[THE TASK]
Reproduce all of the data that follows, character for character.

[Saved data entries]
>>

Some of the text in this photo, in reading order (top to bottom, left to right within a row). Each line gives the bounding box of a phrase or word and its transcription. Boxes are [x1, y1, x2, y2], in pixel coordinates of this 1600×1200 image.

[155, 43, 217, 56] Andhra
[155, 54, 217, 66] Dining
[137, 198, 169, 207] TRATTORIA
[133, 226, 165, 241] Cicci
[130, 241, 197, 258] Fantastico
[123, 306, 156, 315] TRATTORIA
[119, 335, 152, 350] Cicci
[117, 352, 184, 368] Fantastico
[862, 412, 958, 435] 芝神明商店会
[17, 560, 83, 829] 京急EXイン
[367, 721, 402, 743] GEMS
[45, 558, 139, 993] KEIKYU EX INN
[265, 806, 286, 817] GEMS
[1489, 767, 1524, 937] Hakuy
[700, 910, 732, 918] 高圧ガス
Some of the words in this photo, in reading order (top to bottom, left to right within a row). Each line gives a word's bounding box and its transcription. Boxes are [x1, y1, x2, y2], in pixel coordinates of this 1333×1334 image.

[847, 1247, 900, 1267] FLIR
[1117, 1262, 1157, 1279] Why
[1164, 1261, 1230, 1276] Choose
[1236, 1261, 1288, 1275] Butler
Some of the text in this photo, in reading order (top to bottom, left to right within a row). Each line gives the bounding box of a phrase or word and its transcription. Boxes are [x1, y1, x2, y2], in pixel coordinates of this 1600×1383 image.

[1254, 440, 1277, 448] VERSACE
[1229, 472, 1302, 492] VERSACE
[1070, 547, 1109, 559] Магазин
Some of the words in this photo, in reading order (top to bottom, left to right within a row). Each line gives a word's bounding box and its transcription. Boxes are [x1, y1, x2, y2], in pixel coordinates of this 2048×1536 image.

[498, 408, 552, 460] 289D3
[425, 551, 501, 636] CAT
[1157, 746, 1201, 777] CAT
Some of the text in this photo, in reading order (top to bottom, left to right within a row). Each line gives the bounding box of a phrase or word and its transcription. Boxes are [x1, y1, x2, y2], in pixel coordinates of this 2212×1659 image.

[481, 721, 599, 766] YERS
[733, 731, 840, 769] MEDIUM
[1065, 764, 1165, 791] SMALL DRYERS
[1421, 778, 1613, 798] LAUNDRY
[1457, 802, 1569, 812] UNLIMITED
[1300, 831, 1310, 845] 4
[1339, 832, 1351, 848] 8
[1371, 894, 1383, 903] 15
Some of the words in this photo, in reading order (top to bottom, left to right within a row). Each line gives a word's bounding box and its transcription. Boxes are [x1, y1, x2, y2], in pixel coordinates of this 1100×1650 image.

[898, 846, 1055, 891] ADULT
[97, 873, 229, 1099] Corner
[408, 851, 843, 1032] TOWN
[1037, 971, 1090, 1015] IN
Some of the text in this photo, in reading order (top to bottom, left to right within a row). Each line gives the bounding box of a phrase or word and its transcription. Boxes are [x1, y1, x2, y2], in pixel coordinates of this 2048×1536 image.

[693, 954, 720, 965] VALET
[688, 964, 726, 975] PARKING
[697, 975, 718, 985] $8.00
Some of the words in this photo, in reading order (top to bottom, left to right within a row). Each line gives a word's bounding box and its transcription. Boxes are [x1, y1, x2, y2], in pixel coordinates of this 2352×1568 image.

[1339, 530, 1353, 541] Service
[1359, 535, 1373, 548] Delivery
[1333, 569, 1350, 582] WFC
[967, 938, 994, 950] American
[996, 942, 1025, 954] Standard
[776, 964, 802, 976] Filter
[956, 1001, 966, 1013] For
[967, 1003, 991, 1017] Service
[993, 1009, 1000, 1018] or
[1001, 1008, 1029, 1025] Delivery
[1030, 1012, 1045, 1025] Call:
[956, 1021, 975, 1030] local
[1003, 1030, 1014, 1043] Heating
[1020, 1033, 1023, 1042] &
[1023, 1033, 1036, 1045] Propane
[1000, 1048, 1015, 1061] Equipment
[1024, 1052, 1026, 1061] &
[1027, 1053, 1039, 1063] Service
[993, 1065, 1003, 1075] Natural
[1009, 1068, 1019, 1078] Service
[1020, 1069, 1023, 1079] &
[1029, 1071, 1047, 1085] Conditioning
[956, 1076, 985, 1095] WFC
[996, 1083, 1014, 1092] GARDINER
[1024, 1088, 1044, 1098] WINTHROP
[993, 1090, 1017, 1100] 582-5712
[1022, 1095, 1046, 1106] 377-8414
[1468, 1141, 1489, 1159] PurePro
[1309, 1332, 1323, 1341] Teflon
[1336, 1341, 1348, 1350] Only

<<

[SOLUTION TO THIS TASK]
Some of the text in this photo, in reading order (top to bottom, left to right within a row). Each line gives the bounding box of a phrase or word and its transcription. Boxes are [x1, y1, x2, y2], in pixel coordinates of this 1600×1200 image.

[155, 43, 217, 56] Andhra
[155, 54, 217, 66] Dining
[137, 198, 169, 207] TRATTORIA
[133, 226, 165, 241] Cicci
[130, 241, 197, 258] Fantastico
[123, 306, 156, 315] TRATTORIA
[119, 335, 152, 350] Cicci
[117, 352, 184, 368] Fantastico
[862, 412, 958, 435] 芝神明商店会
[17, 560, 83, 829] 京急EXイン
[367, 721, 402, 743] GEMS
[45, 558, 139, 993] KEIKYU EX INN
[265, 806, 286, 817] GEMS
[1489, 767, 1524, 937] Hakuy
[700, 910, 732, 918] 高圧ガス
Some of the words in this photo, in reading order (top to bottom, left to right within a row). Each line gives a word's bounding box and its transcription. Boxes are [x1, y1, x2, y2], in pixel coordinates of this 1333×1334 image.

[847, 1247, 900, 1267] FLIR
[1117, 1262, 1157, 1279] Why
[1164, 1261, 1230, 1276] Choose
[1236, 1261, 1288, 1275] Butler
Some of the text in this photo, in reading order (top to bottom, left to right within a row). Each line gives the bounding box of a phrase or word and its transcription. Boxes are [x1, y1, x2, y2], in pixel coordinates of this 1600×1383 image.

[1254, 440, 1277, 448] VERSACE
[1229, 472, 1302, 492] VERSACE
[1070, 547, 1109, 559] Магазин
Some of the words in this photo, in reading order (top to bottom, left to right within a row). Each line gives a word's bounding box and its transcription. Boxes are [x1, y1, x2, y2], in pixel coordinates of this 2048×1536 image.

[498, 408, 552, 460] 289D3
[425, 551, 501, 636] CAT
[1157, 746, 1201, 777] CAT
Some of the text in this photo, in reading order (top to bottom, left to right within a row). Each line gives the bounding box of a phrase or word and its transcription. Boxes are [x1, y1, x2, y2], in pixel coordinates of this 2212×1659 image.

[481, 721, 599, 766] YERS
[733, 731, 840, 769] MEDIUM
[1065, 764, 1165, 791] SMALL DRYERS
[1421, 778, 1613, 798] LAUNDRY
[1457, 802, 1569, 812] UNLIMITED
[1300, 831, 1310, 845] 4
[1339, 832, 1351, 848] 8
[1371, 894, 1383, 903] 15
Some of the words in this photo, in reading order (top to bottom, left to right within a row). Each line gives a word's bounding box and its transcription. Boxes are [x1, y1, x2, y2], in pixel coordinates of this 1100×1650 image.

[898, 846, 1055, 891] ADULT
[97, 873, 229, 1099] Corner
[408, 851, 843, 1032] TOWN
[1037, 971, 1090, 1015] IN
Some of the text in this photo, in reading order (top to bottom, left to right within a row). Each line gives the bounding box of a phrase or word and its transcription. Boxes are [x1, y1, x2, y2], in pixel coordinates of this 2048×1536 image.

[693, 954, 720, 965] VALET
[688, 964, 726, 975] PARKING
[697, 975, 718, 985] $8.00
Some of the words in this photo, in reading order (top to bottom, left to right within a row). Each line gives a word's bounding box and its transcription. Boxes are [x1, y1, x2, y2], in pixel coordinates of this 2352×1568 image.

[1339, 530, 1353, 541] Service
[1359, 535, 1373, 548] Delivery
[1333, 569, 1350, 582] WFC
[967, 938, 994, 950] American
[996, 942, 1025, 954] Standard
[776, 964, 802, 976] Filter
[956, 1001, 966, 1013] For
[967, 1003, 991, 1017] Service
[993, 1009, 1000, 1018] or
[1001, 1008, 1029, 1025] Delivery
[1030, 1012, 1045, 1025] Call:
[956, 1021, 975, 1030] local
[1003, 1030, 1014, 1043] Heating
[1020, 1033, 1023, 1042] &
[1023, 1033, 1036, 1045] Propane
[1000, 1048, 1015, 1061] Equipment
[1024, 1052, 1026, 1061] &
[1027, 1053, 1039, 1063] Service
[993, 1065, 1003, 1075] Natural
[1009, 1068, 1019, 1078] Service
[1020, 1069, 1023, 1079] &
[1029, 1071, 1047, 1085] Conditioning
[956, 1076, 985, 1095] WFC
[996, 1083, 1014, 1092] GARDINER
[1024, 1088, 1044, 1098] WINTHROP
[993, 1090, 1017, 1100] 582-5712
[1022, 1095, 1046, 1106] 377-8414
[1468, 1141, 1489, 1159] PurePro
[1309, 1332, 1323, 1341] Teflon
[1336, 1341, 1348, 1350] Only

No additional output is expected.